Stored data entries
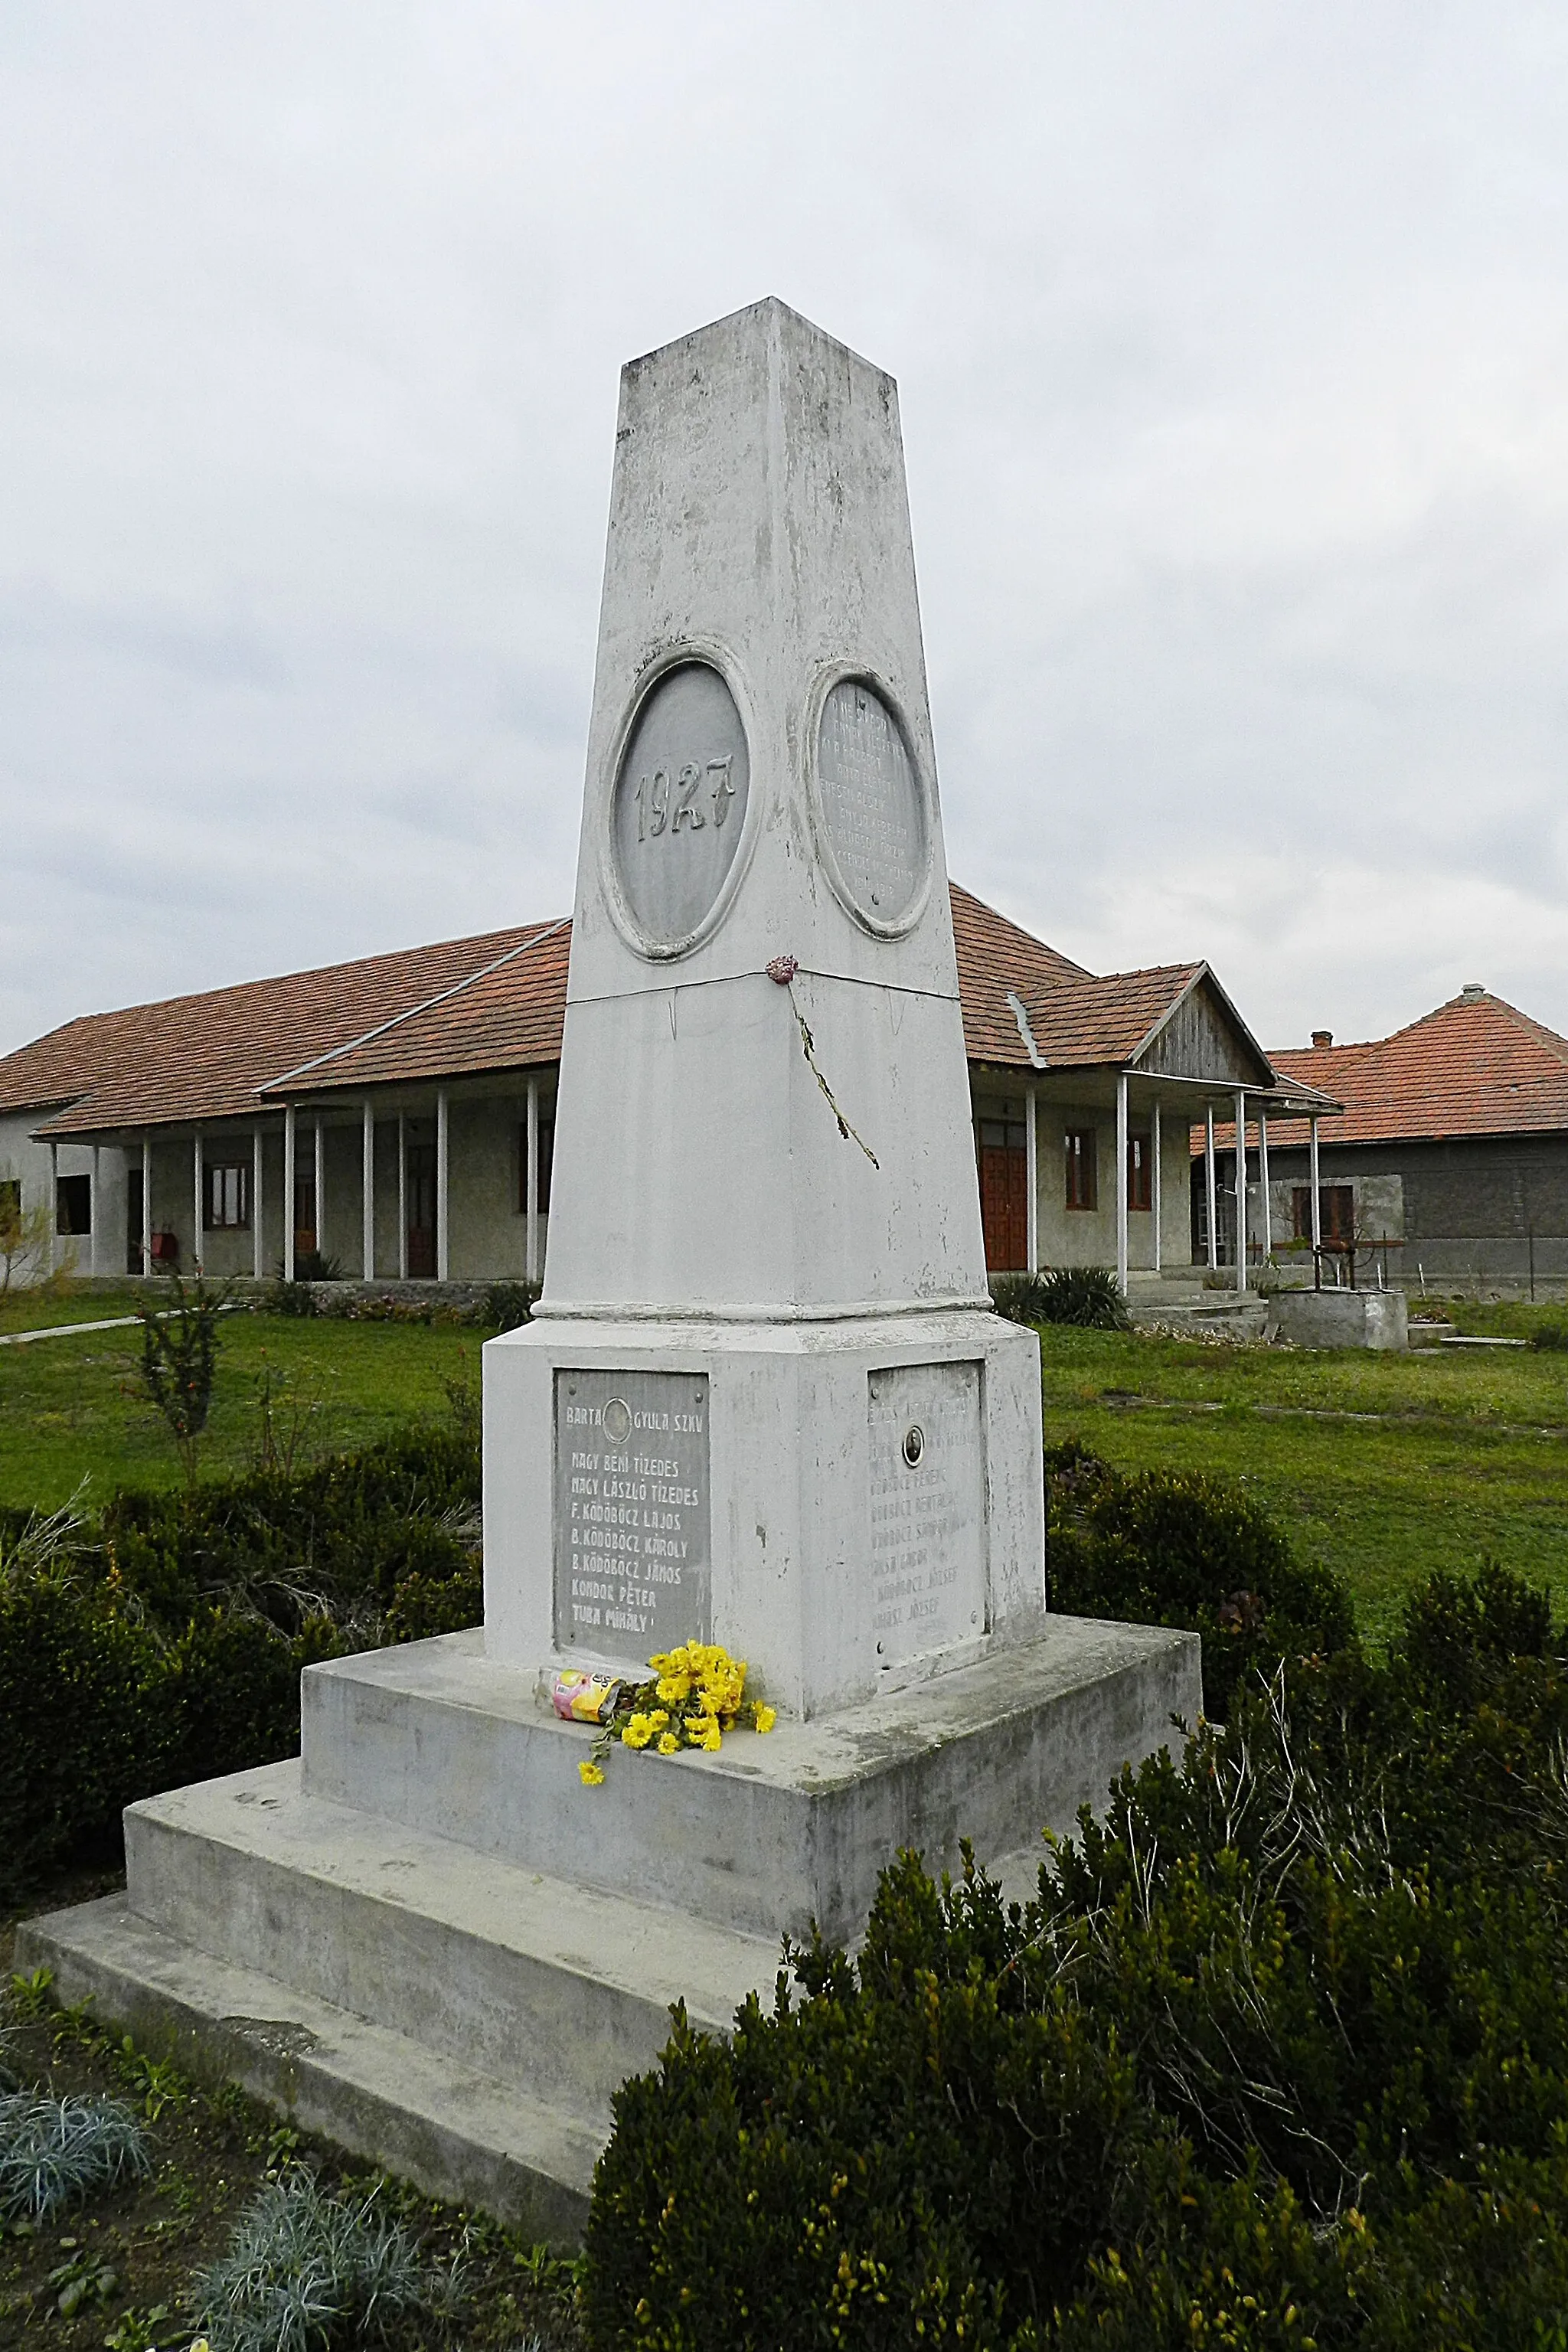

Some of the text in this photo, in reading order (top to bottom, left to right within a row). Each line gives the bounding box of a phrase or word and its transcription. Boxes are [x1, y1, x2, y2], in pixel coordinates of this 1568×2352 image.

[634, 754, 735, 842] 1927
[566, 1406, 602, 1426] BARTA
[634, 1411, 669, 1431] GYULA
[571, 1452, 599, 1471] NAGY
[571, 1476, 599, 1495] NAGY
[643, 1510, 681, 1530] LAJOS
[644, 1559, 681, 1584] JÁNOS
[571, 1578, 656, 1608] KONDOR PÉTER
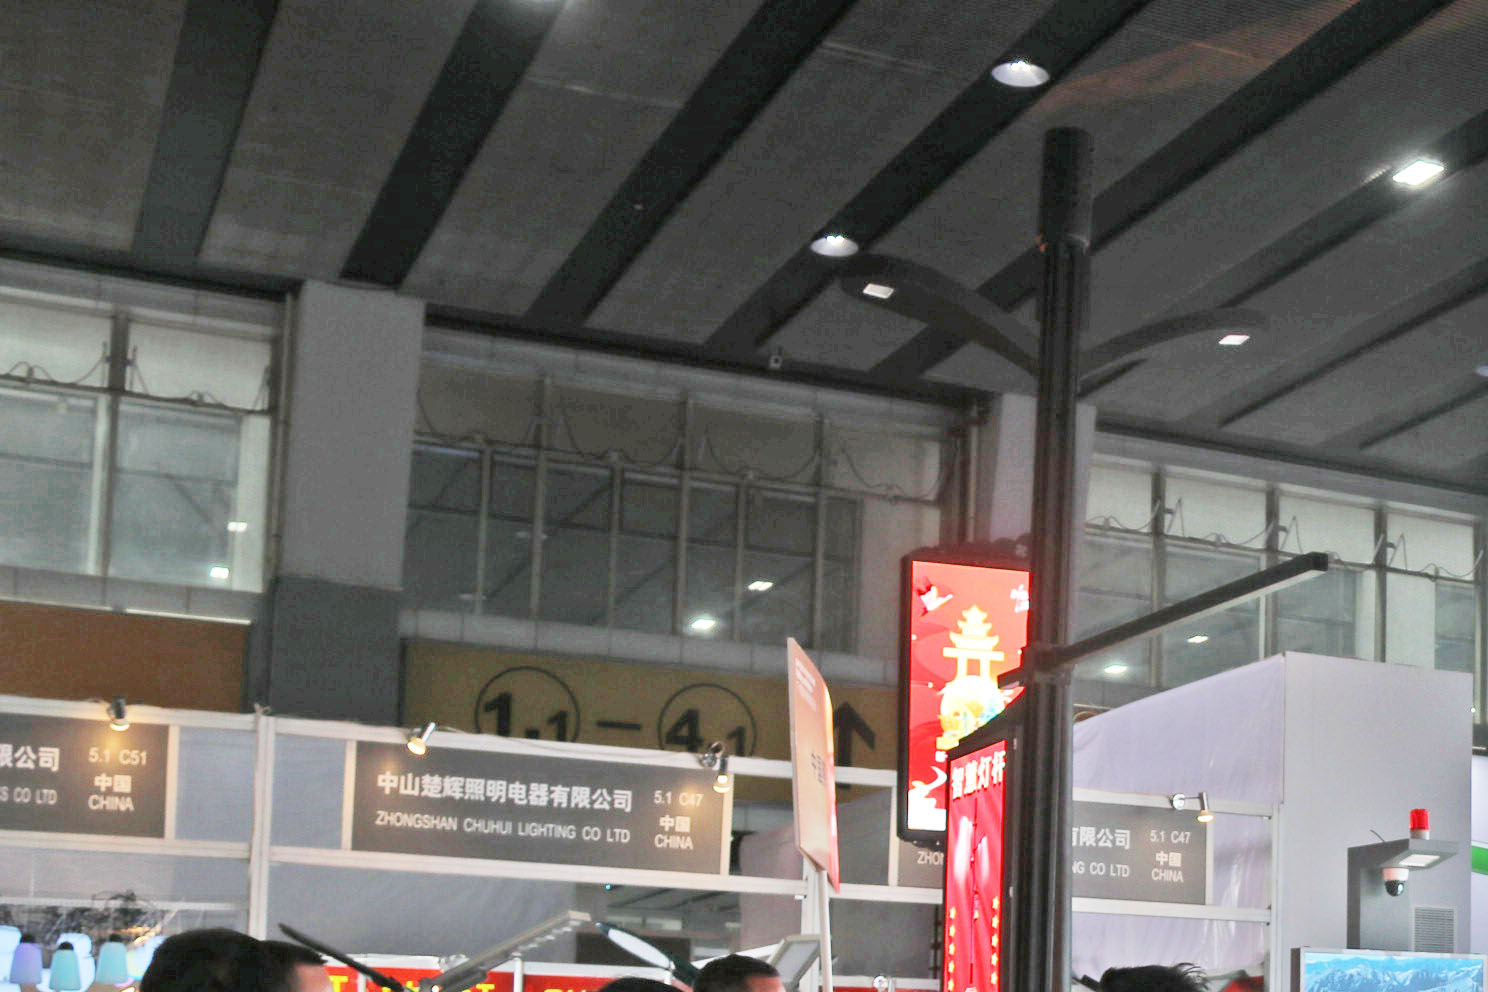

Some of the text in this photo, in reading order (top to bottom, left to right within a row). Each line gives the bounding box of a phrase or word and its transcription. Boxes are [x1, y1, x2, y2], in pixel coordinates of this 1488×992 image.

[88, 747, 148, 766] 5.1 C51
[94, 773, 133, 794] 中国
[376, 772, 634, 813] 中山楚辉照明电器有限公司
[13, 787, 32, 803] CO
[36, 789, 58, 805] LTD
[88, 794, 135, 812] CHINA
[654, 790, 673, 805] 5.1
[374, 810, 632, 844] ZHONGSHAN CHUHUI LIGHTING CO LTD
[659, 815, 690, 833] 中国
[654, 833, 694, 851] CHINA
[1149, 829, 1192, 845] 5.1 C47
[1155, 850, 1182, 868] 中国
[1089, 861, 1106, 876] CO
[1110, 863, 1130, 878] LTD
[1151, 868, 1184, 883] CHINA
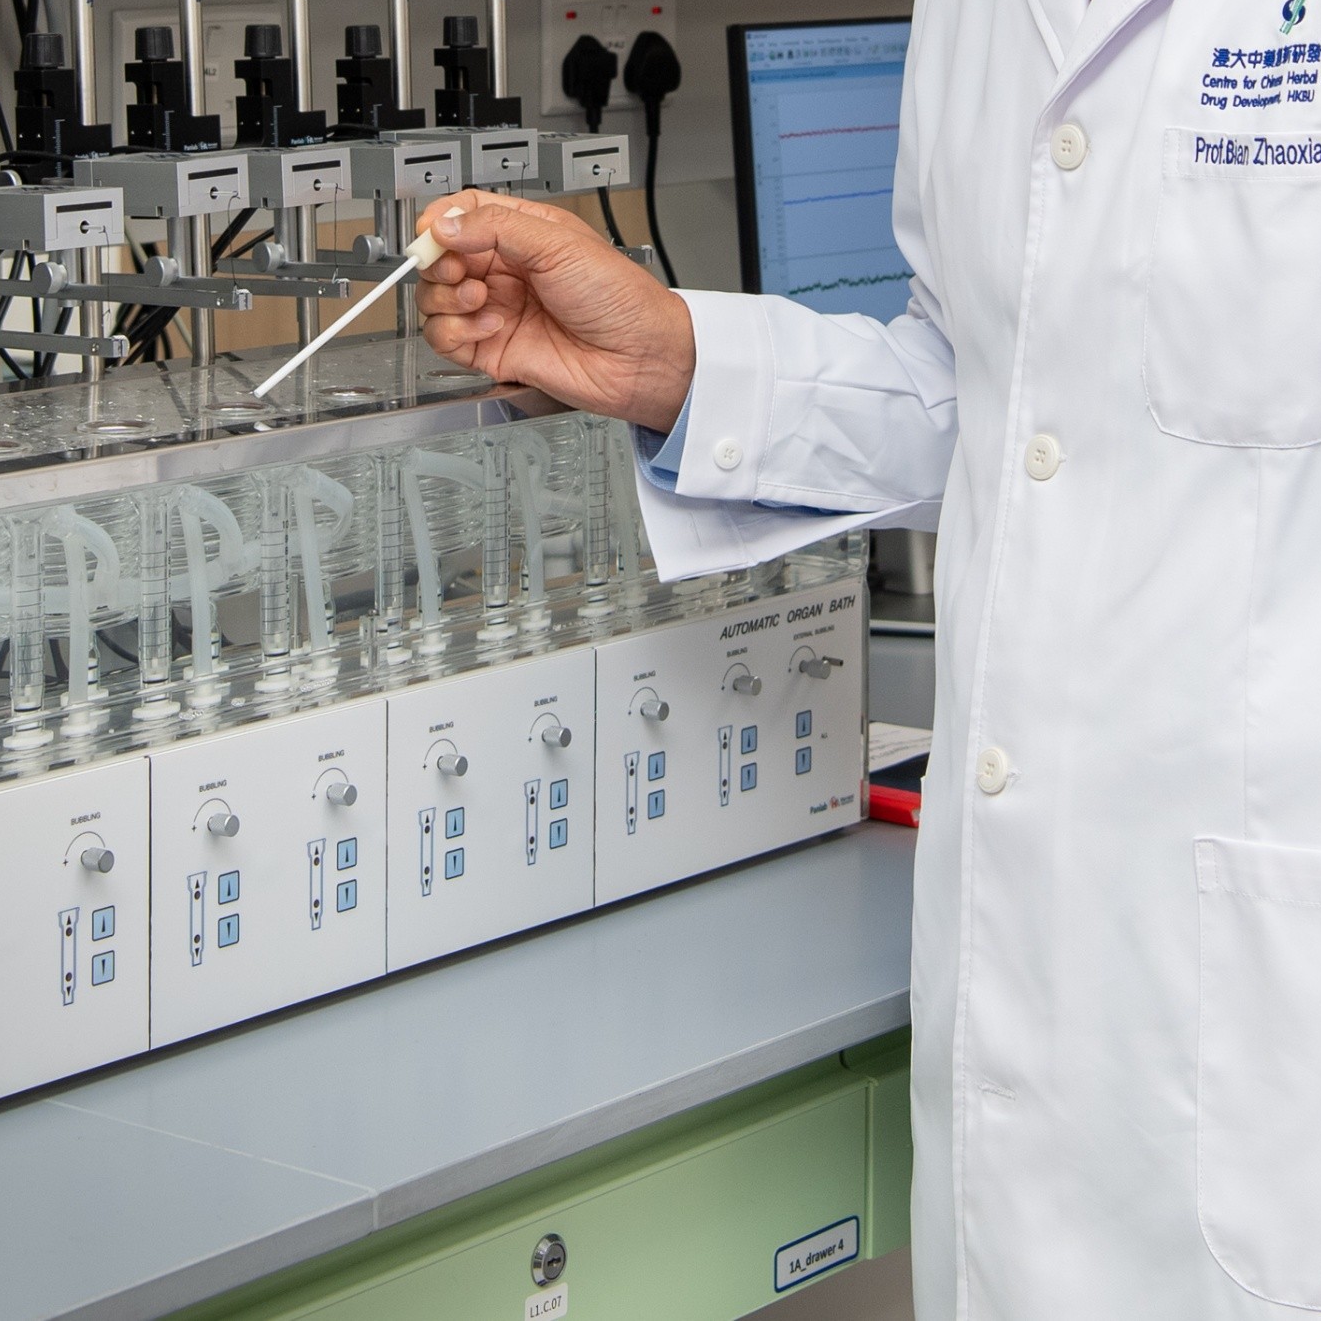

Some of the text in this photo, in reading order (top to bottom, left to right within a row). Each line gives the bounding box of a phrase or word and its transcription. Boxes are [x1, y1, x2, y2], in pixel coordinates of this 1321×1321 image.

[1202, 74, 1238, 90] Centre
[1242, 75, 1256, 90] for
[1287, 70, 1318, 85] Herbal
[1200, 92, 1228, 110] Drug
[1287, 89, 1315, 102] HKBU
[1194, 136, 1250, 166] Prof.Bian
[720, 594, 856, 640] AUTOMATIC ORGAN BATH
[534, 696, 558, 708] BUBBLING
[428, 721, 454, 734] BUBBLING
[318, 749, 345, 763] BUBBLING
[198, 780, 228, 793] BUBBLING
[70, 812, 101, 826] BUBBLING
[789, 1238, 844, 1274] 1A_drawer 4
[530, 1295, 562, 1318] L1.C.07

**EXERCISE REQUIREMENTS:** Although the records contain pictures, transcribe only their text, exactly as written.

**SOLVED EXERCISE:**
Some of the text in this photo, in reading order (top to bottom, left to right within a row). Each line gives the bounding box of a phrase or word and its transcription. Boxes are [x1, y1, x2, y2], in pixel coordinates of this 1568×2352 image.

[634, 754, 735, 842] 1927
[566, 1406, 602, 1426] BARTA
[634, 1411, 669, 1431] GYULA
[571, 1452, 599, 1471] NAGY
[571, 1476, 599, 1495] NAGY
[643, 1510, 681, 1530] LAJOS
[644, 1559, 681, 1584] JÁNOS
[571, 1578, 656, 1608] KONDOR PÉTER

Some of the text in this photo, in reading order (top to bottom, left to right within a row). Each line gives the bounding box of a phrase or word and its transcription. Boxes are [x1, y1, x2, y2], in pixel coordinates of this 1488×992 image.

[88, 747, 148, 766] 5.1 C51
[94, 773, 133, 794] 中国
[376, 772, 634, 813] 中山楚辉照明电器有限公司
[13, 787, 32, 803] CO
[36, 789, 58, 805] LTD
[88, 794, 135, 812] CHINA
[654, 790, 673, 805] 5.1
[374, 810, 632, 844] ZHONGSHAN CHUHUI LIGHTING CO LTD
[659, 815, 690, 833] 中国
[654, 833, 694, 851] CHINA
[1149, 829, 1192, 845] 5.1 C47
[1155, 850, 1182, 868] 中国
[1089, 861, 1106, 876] CO
[1110, 863, 1130, 878] LTD
[1151, 868, 1184, 883] CHINA

Some of the text in this photo, in reading order (top to bottom, left to right within a row). Each line gives the bounding box of a phrase or word and its transcription. Boxes are [x1, y1, x2, y2], in pixel coordinates of this 1321×1321 image.

[1202, 74, 1238, 90] Centre
[1242, 75, 1256, 90] for
[1287, 70, 1318, 85] Herbal
[1200, 92, 1228, 110] Drug
[1287, 89, 1315, 102] HKBU
[1194, 136, 1250, 166] Prof.Bian
[720, 594, 856, 640] AUTOMATIC ORGAN BATH
[534, 696, 558, 708] BUBBLING
[428, 721, 454, 734] BUBBLING
[318, 749, 345, 763] BUBBLING
[198, 780, 228, 793] BUBBLING
[70, 812, 101, 826] BUBBLING
[789, 1238, 844, 1274] 1A_drawer 4
[530, 1295, 562, 1318] L1.C.07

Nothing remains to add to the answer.